DATA EXTRACTS section start

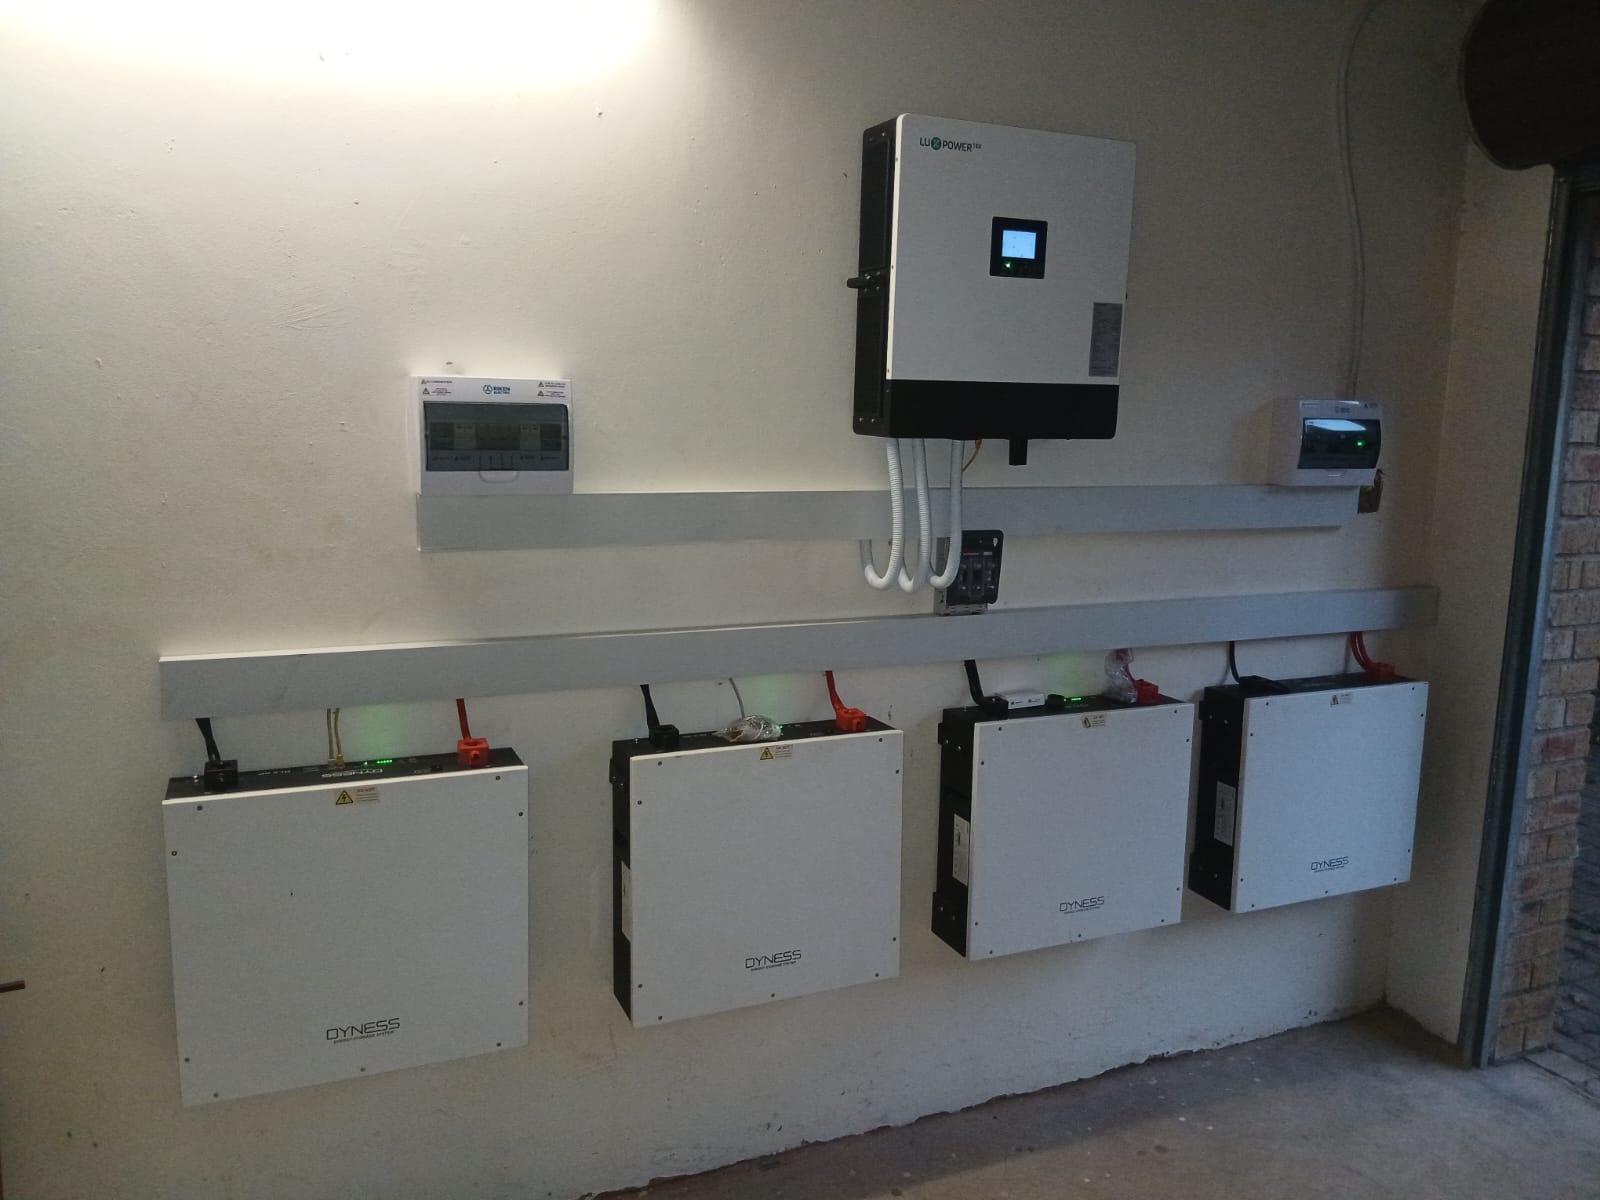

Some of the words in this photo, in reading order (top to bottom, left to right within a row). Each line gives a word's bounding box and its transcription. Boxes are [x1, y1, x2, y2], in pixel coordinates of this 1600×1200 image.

[1310, 856, 1349, 871] DYNESS
[1059, 895, 1105, 912] DYNESS
[745, 949, 802, 969] DYNESS
[326, 1017, 400, 1040] DYNESS
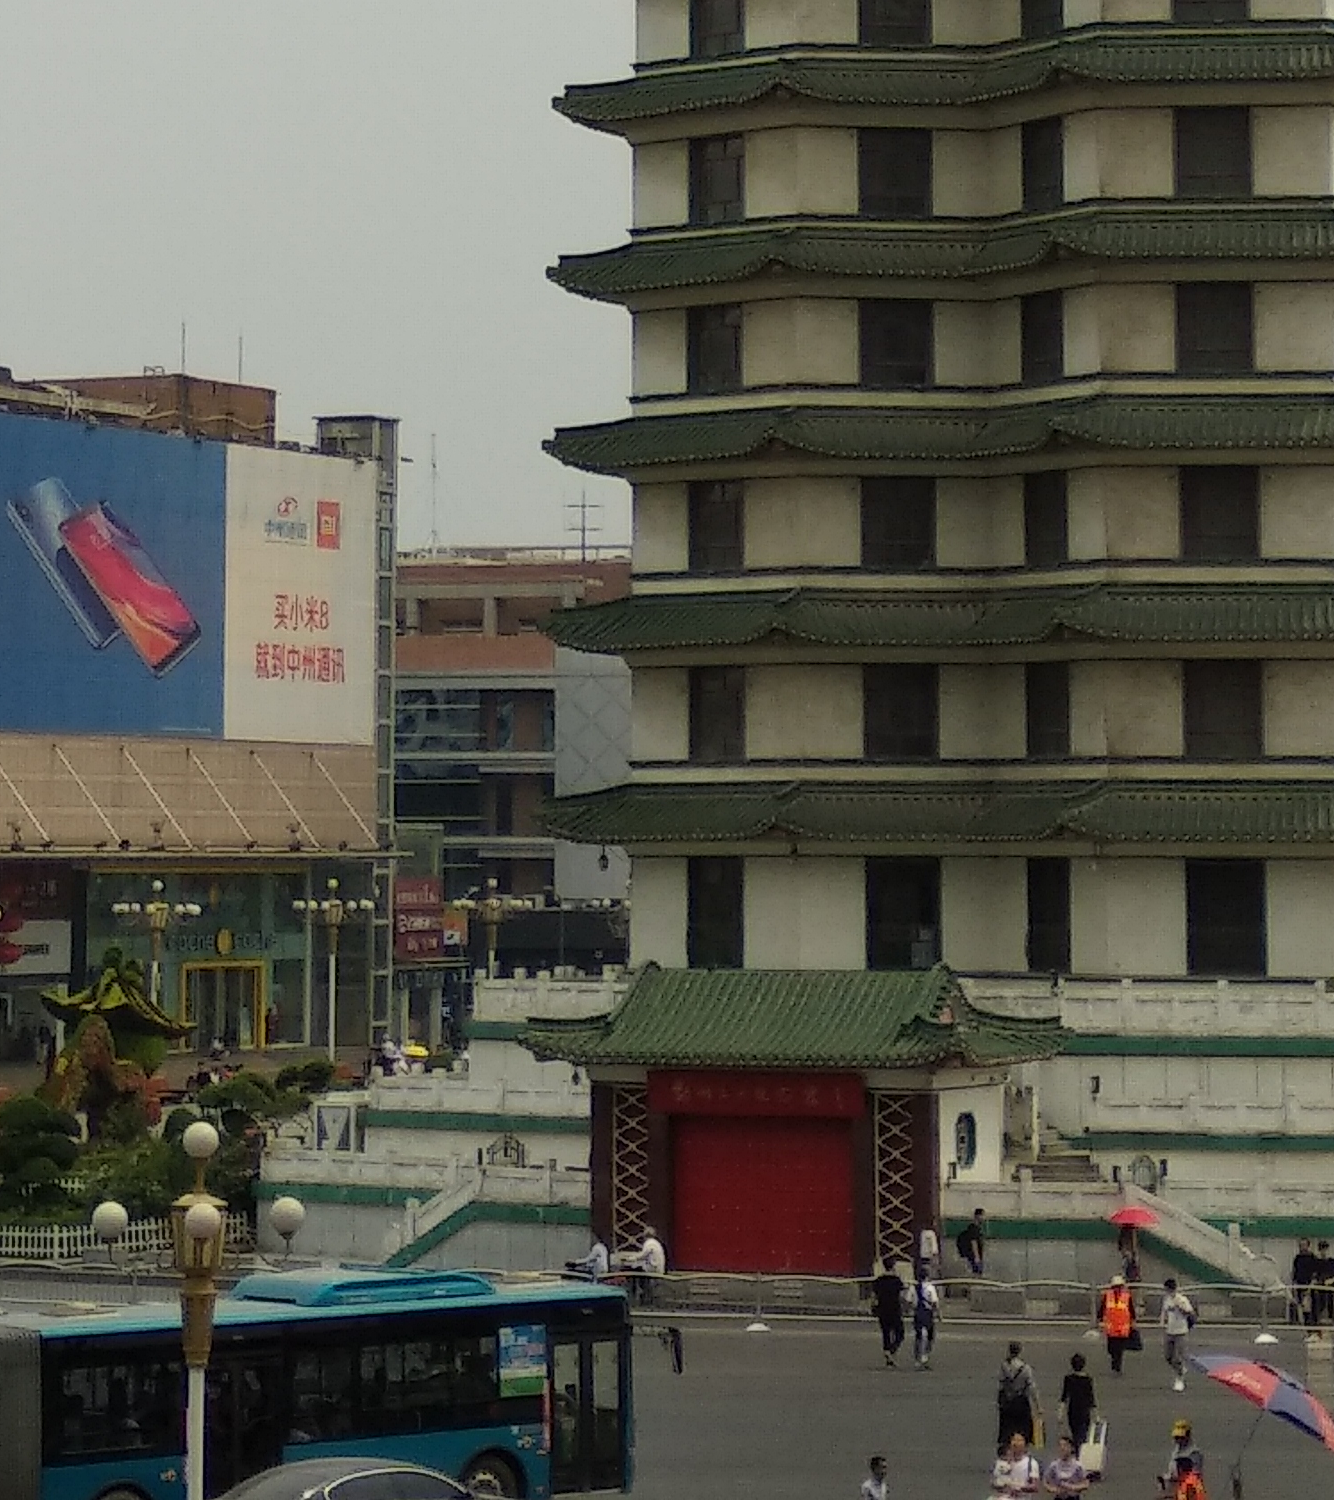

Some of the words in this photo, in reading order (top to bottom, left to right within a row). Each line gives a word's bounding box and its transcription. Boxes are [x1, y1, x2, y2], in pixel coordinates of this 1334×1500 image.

DATA EXTRACTS section end

## WHAT TO WORK ON:
Write out the records exactly. Do not carry the pictures over.

## SOLVED EXERCISE:
Some of the words in this photo, in reading order (top to bottom, left to right within a row). Each line gives a word's bounding box and its transcription. Boxes are [x1, y1, x2, y2], in pixel coordinates of this 1600×1200 image.

[1310, 856, 1349, 871] DYNESS
[1059, 895, 1105, 912] DYNESS
[745, 949, 802, 969] DYNESS
[326, 1017, 400, 1040] DYNESS

Some of the words in this photo, in reading order (top to bottom, left to right within a row). Each line gives a word's bounding box and its transcription. Boxes are [x1, y1, x2, y2], in pixel coordinates of this 1334×1500 image.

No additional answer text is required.